You don't need a doctor. In the UK today there are pathways for Advanced versions of several non-doctor careers which get you either limited, or in some cases full blown unlimited prescribing rights. I think ordinary Advanced Midwife is just a set of common pregnancy drugs, stuff so you can keep down food, sleep properly and so on despite some of the nastier but still non-critical pregnancy side effects, but Advanced Nurse Practitioner and Advanced Pharmacist are both full blown prescribing rights.

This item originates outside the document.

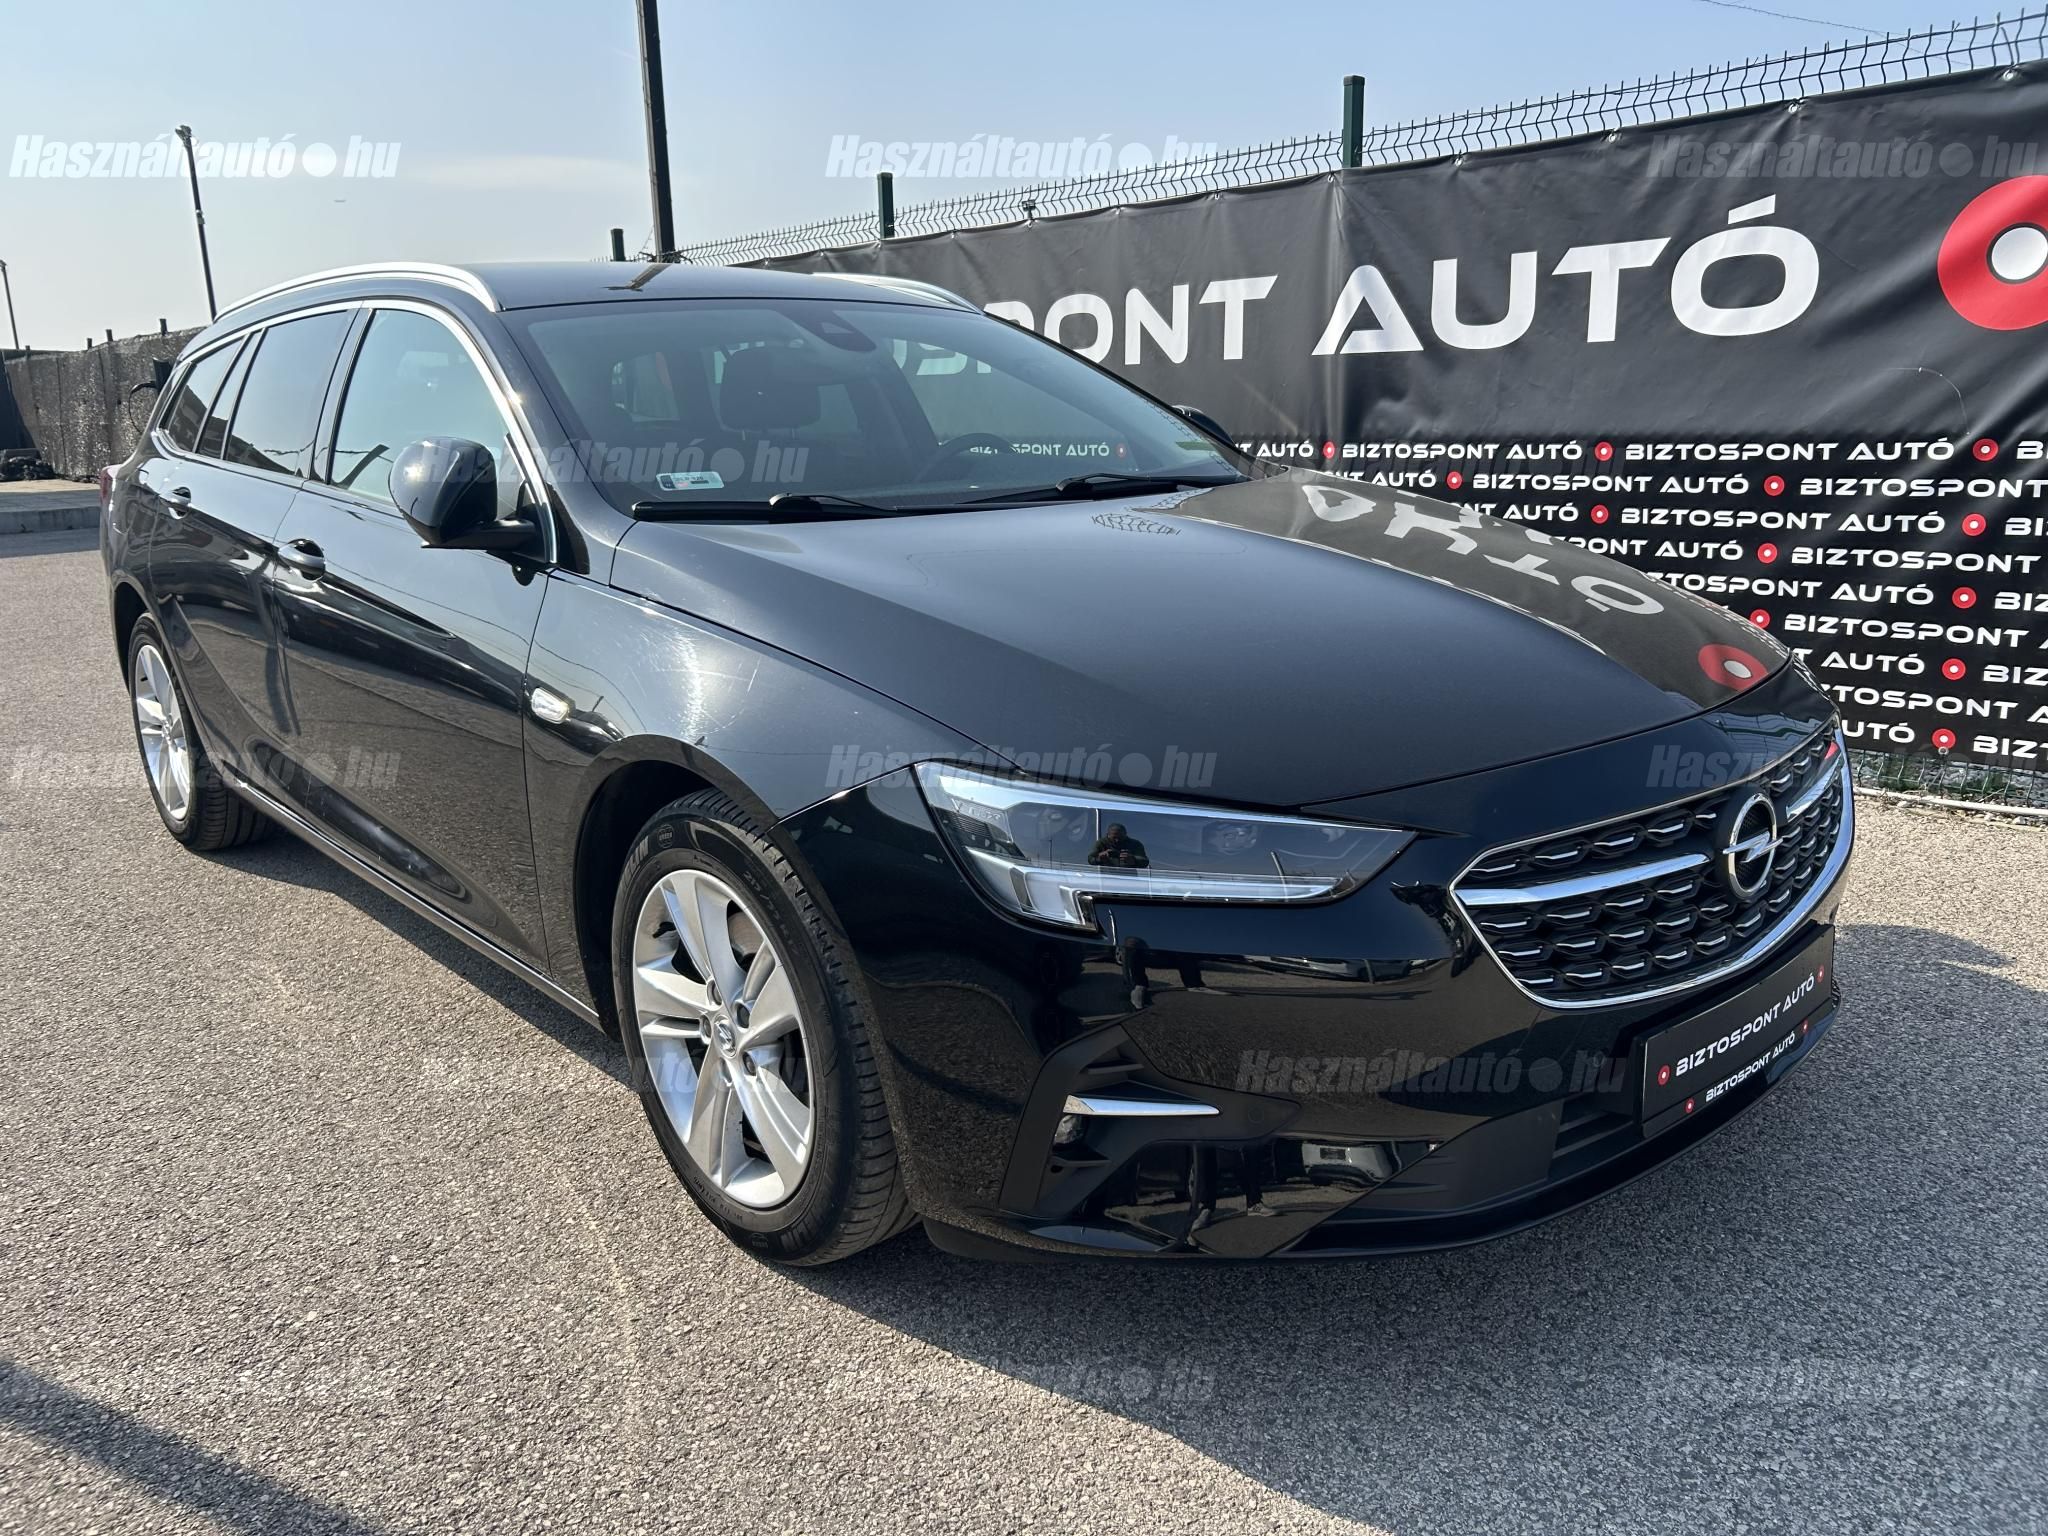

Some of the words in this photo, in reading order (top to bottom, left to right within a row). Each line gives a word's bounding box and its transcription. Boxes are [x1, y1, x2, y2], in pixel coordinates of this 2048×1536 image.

The only thing which I think Advanced Practitioner doesn't get you is going entirely off piste, like fuck it, maybe this untried drug will fix your cough. But the person with their name on the pharmacy paperwork can sign off any ordinary stuff, far beyond just "common cold" treatments, anti-nausea, anything a doctor signs on an average day unless they're in some weird research field. The idea isn't that you'd need a GP appointment but that probably it shouldn't be with the bubblegum and cornflakes in the supermarket without even talking to a professional.

Not to mention veterinary pathways. My ex GF was volunteering at a vet practice, where they kept no track of their meds, other than "hey boss, we seek to be low on Ketamine, swing past the animal pill shop and get a load of it pls".

Also there are travel pharmacies, which will sell you prescription drugs, so long as you insist you're about to go travelling somewhere remote.

The whole pretence that dangerous drugs are controlled and kept away from people is a pretty thin veneer.

personal responsibility is more common in the UK, it is assumed that one can cross the road safely without needing traffic lights for example, or walk along a stretch of an ancient monument without needing a handrail.

I've never met anyone here who has ever had any issues associated with paracetamol abuse/overdose, and only a single person who failed to cross the road correctly.